The Aqp2cph mutation (initially called jpk) arose spontaneously at The Jackson Laboratory in 1973 on the C57BL/6J background, which was then at F131. Aqp2cph has been maintained on the C57BL/6J background primarily through backcross-intercross breeding. In approximately 1987 C57BL/6J females were bred with homozygous males at F131+N8F1 to generate embryos for cryopreservation.
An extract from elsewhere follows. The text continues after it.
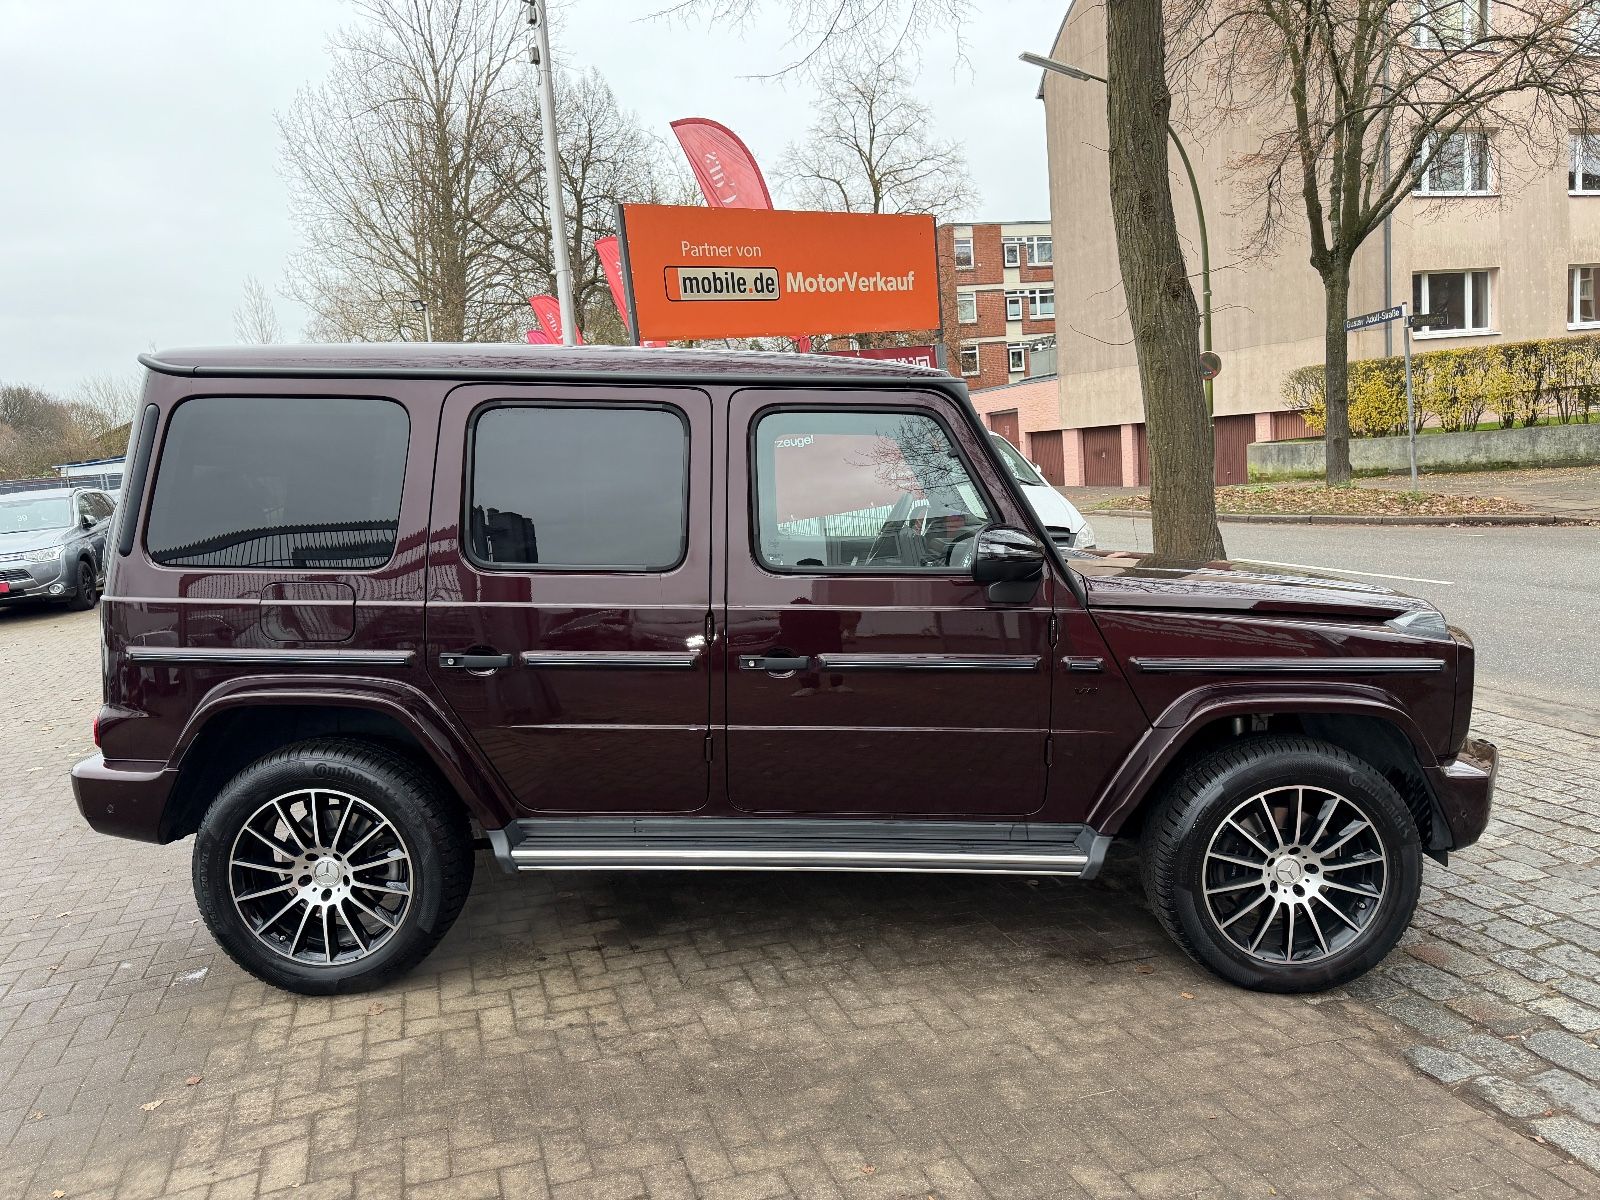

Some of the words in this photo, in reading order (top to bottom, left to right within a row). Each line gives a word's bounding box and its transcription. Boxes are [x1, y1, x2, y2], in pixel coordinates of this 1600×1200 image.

[681, 240, 733, 257] Partner
[735, 246, 762, 257] von
[682, 271, 775, 294] mobile.de
[786, 270, 915, 293] MotorVerkauf
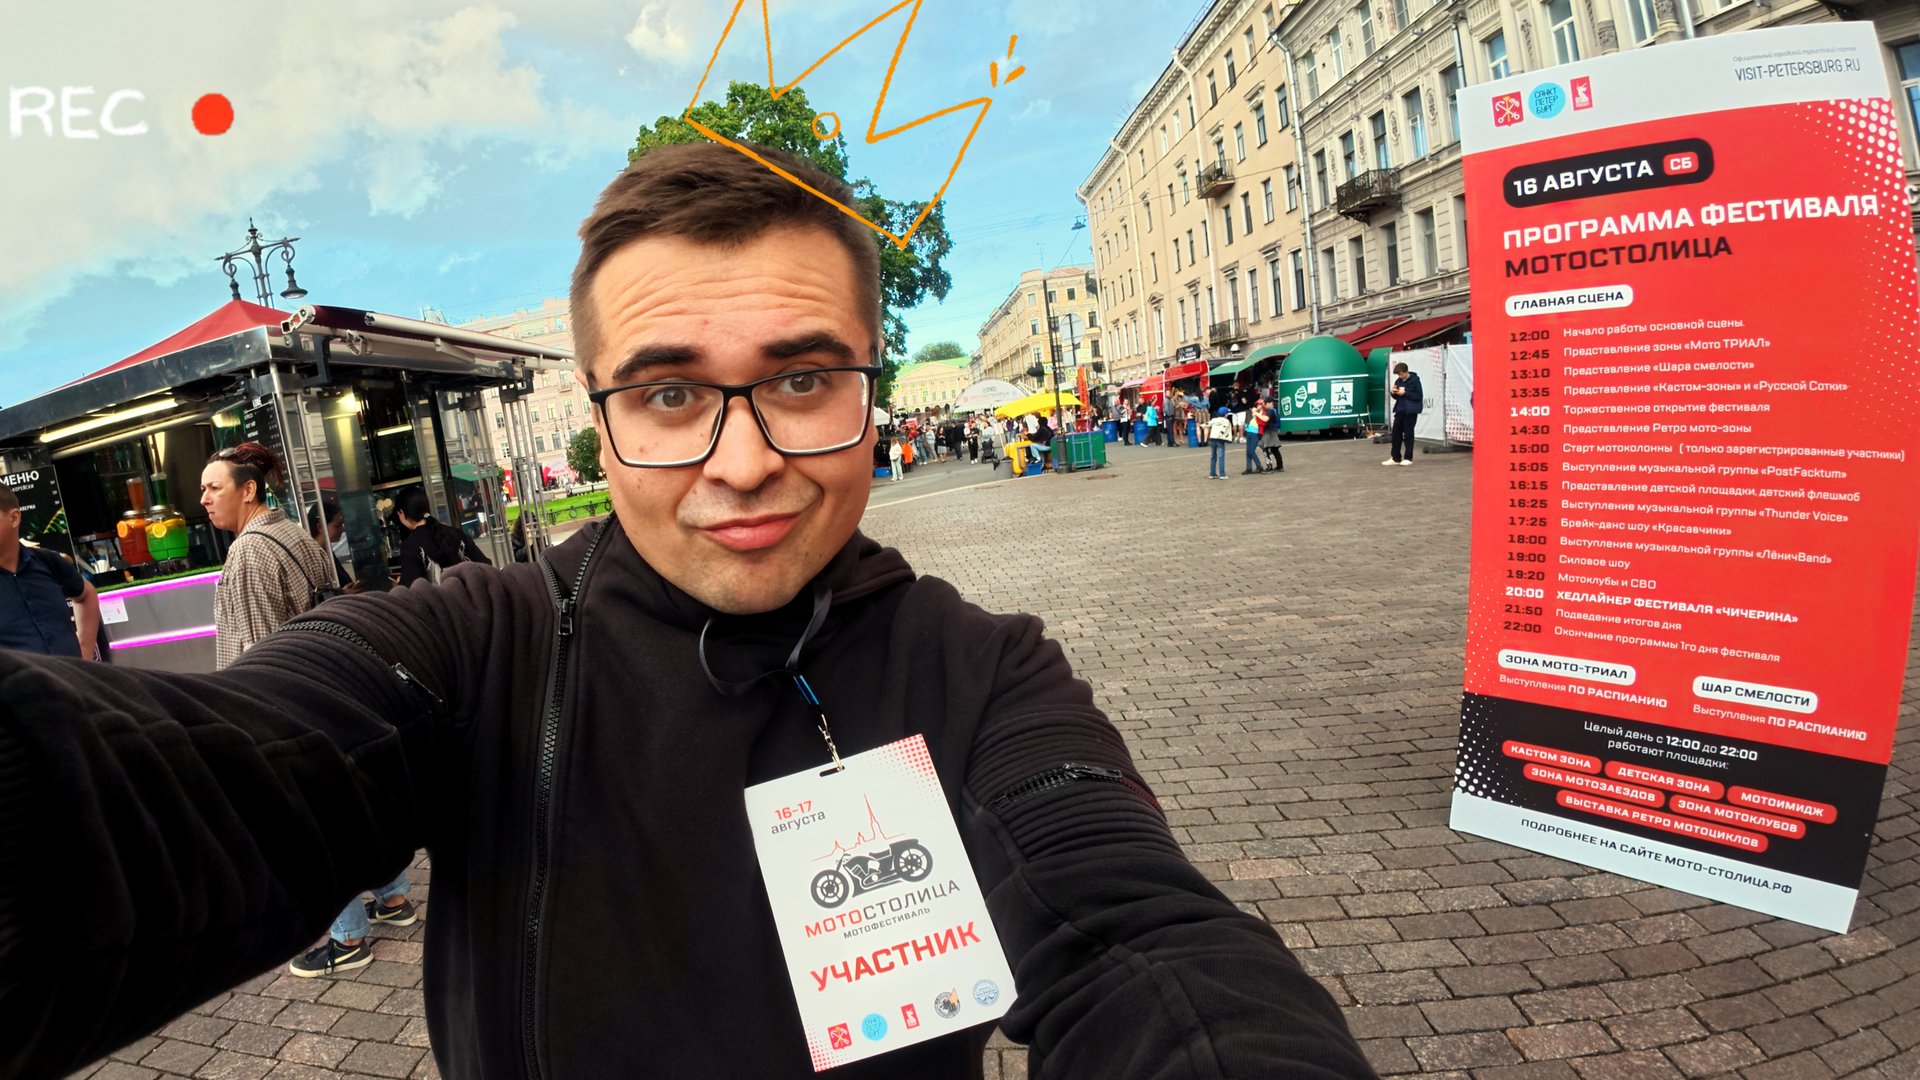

|Allele Name||congenital progressive hydronephrosis|
|Allele Synonym(s)||cph; jpk|
|Gene Symbol and Name||Aqp2, aquaporin 2|
|Strain of Origin||C57BL/6J|
|General Note||Phenotypic Similarity to Human Syndrome: Congenital Obstructive Nephropathy (J:109463)|
|Molecular Note||A mutation occurred in exon 4 converting the C at coding nucleotide 767 into a T (c.767C>T), resulting in a serine to leucine substitution (p.S256L). Apical accumulation of the protein is lost in the renal collecting ducts of homozygotes.|
When using the congenital progressive hydronephrosis mouse strain in a publication, please cite the originating article(s) and include JAX stock #000530 in your Materials and Methods section.